[Dataset entries]
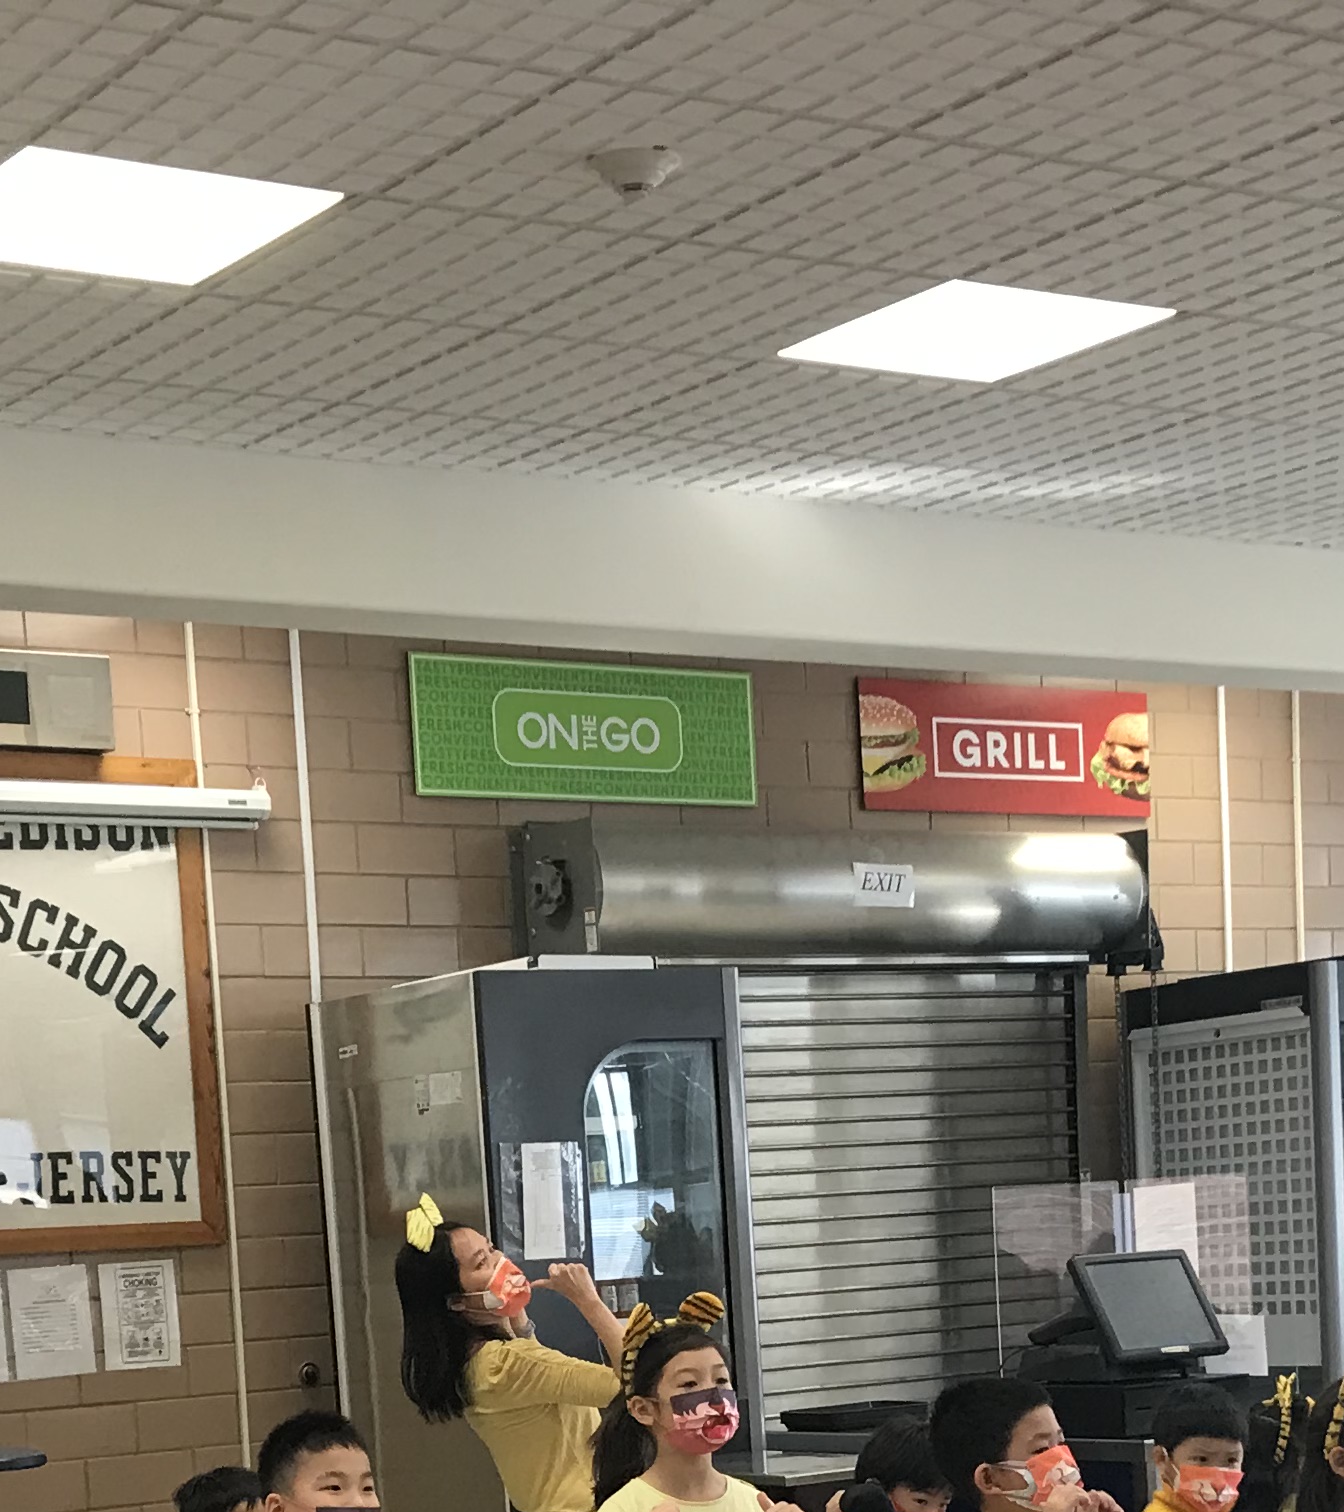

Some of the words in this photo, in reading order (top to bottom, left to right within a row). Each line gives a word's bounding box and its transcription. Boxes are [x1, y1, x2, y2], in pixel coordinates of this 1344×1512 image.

[517, 712, 579, 750] ON
[581, 714, 599, 751] THE
[600, 716, 660, 754] GO
[952, 729, 1066, 771] GRILL
[860, 871, 906, 893] EXIT
[15, 1150, 192, 1205] JERSEY
[123, 1278, 158, 1289] CHOKING
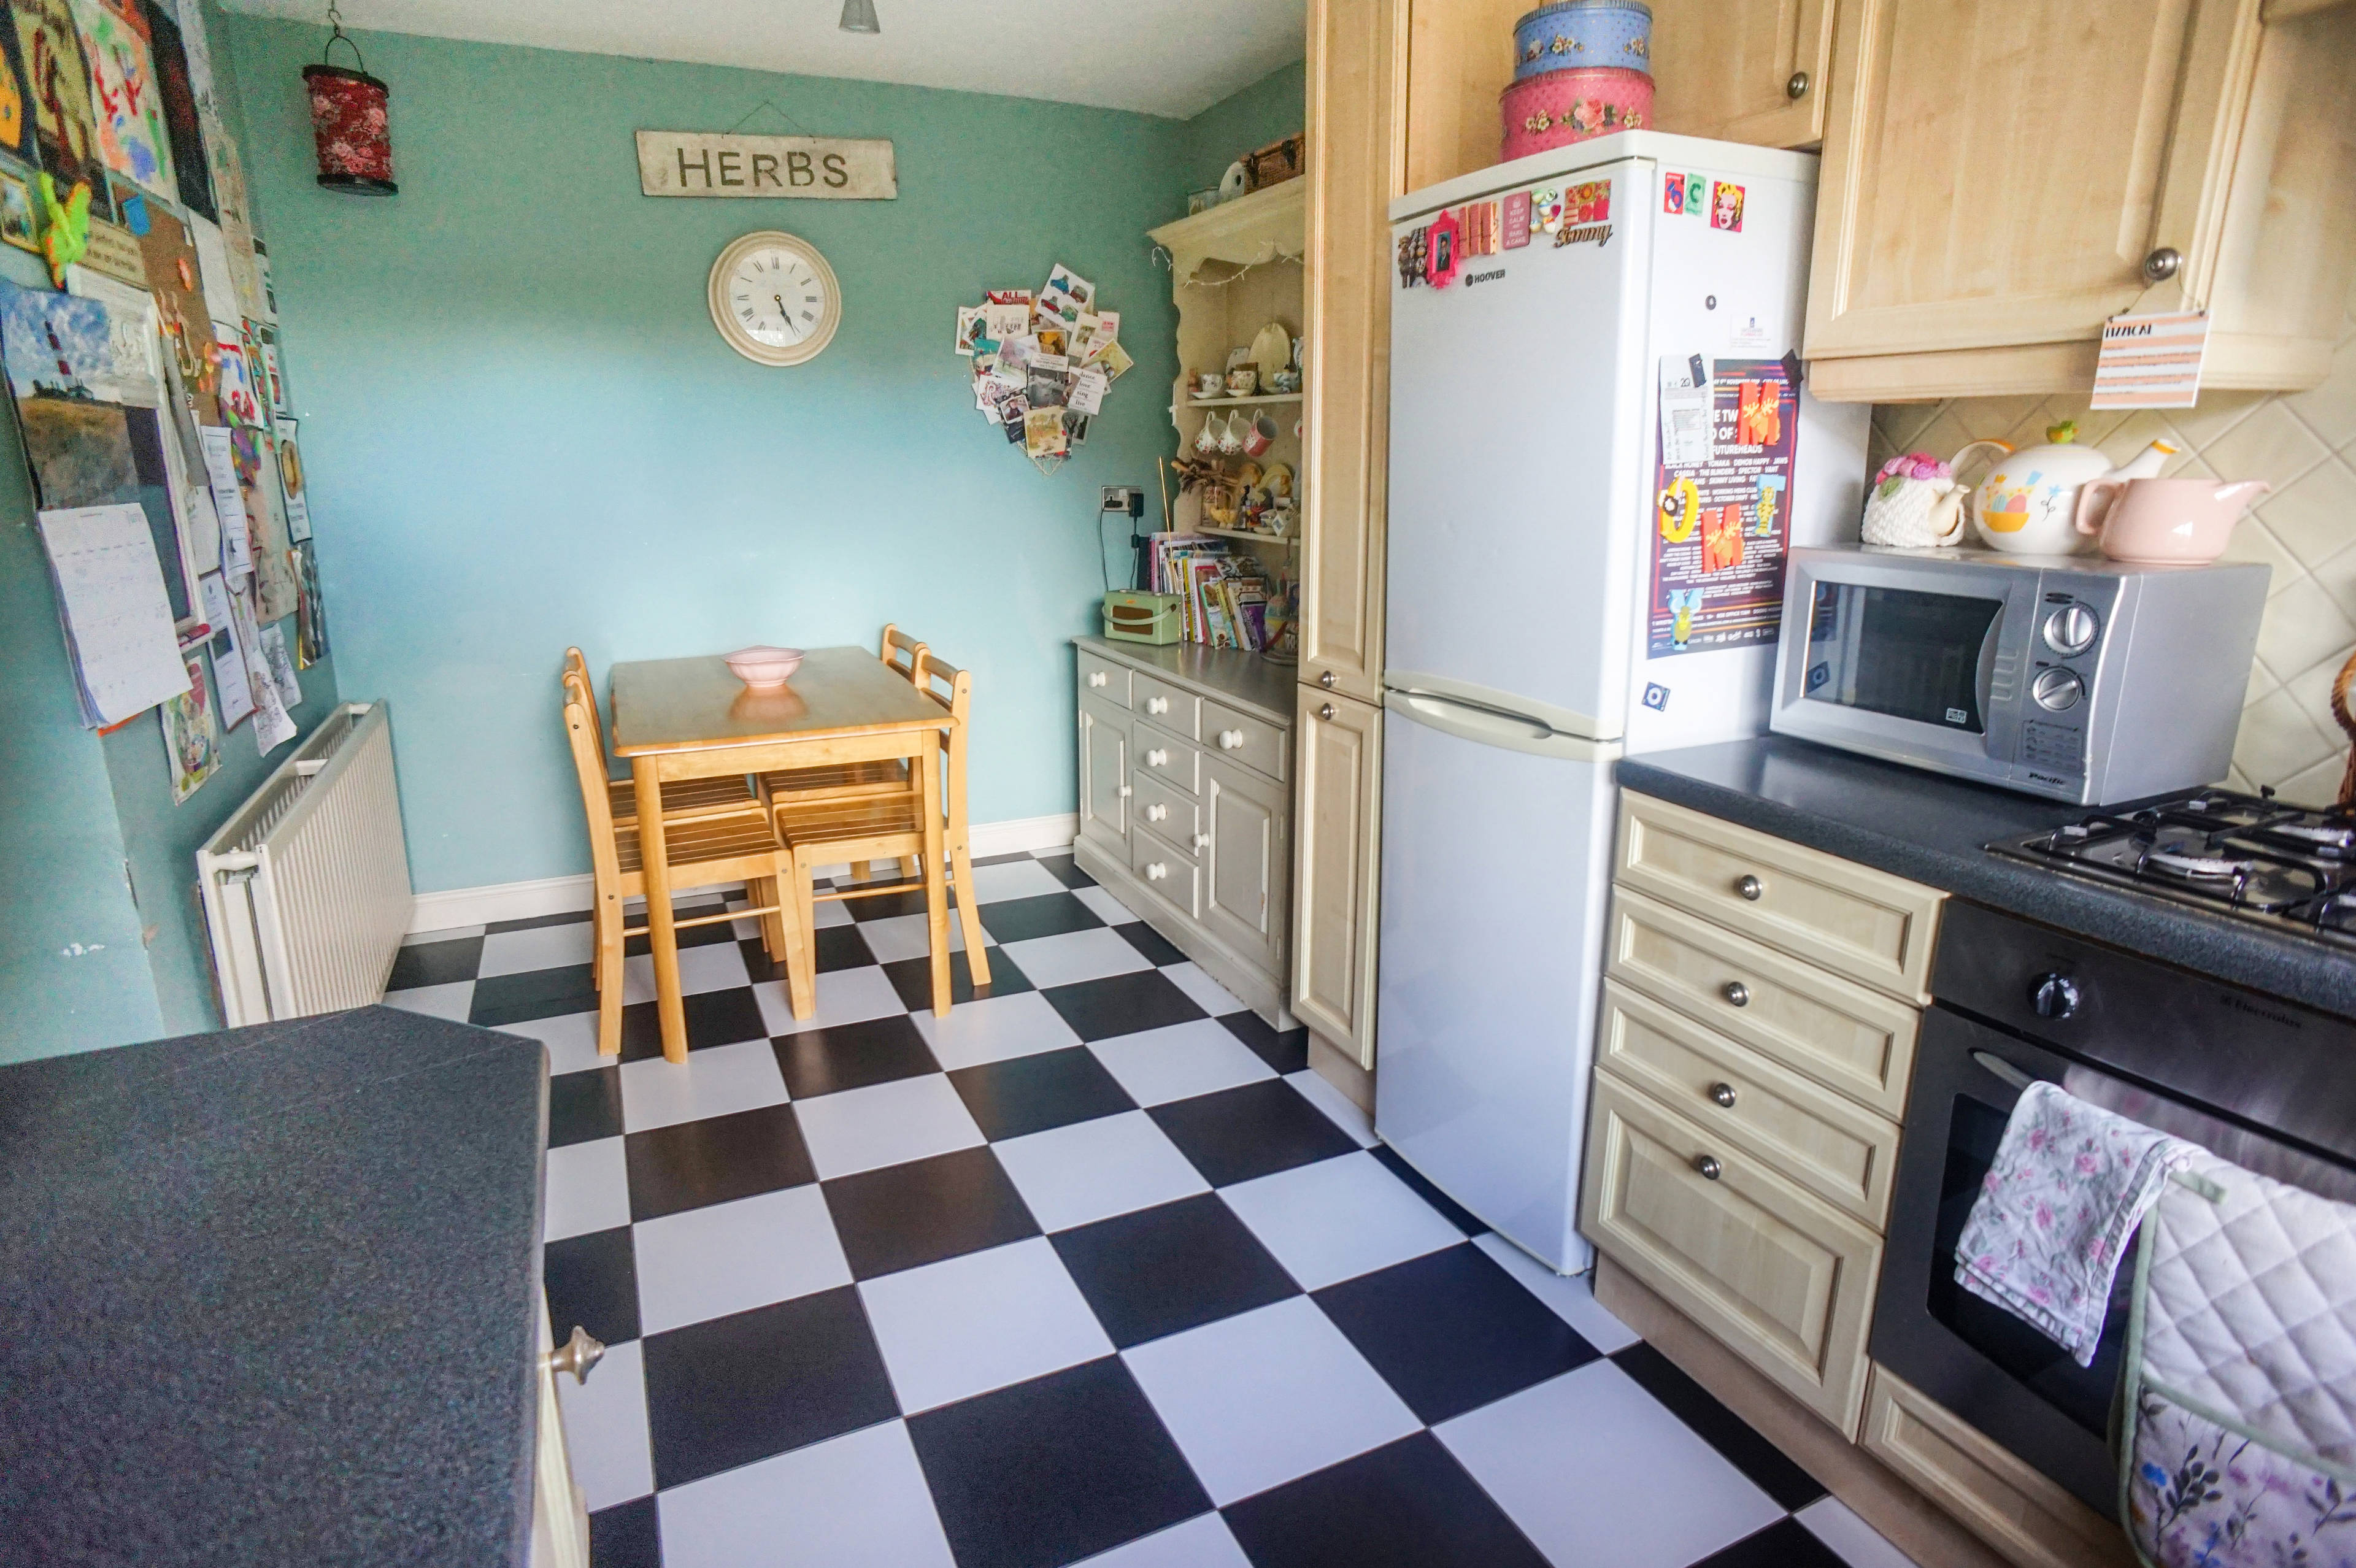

Try it:
Each record must be quoted in full and exactly. Do not include the pictures.

Problem solution:
Some of the words in this photo, in reading order (top to bottom, left to right within a row). Each line gives a word's bounding box and its transcription. Boxes are [x1, y1, x2, y2], in pixel coordinates of this 1344×1512 image.

[517, 712, 579, 750] ON
[581, 714, 599, 751] THE
[600, 716, 660, 754] GO
[952, 729, 1066, 771] GRILL
[860, 871, 906, 893] EXIT
[15, 1150, 192, 1205] JERSEY
[123, 1278, 158, 1289] CHOKING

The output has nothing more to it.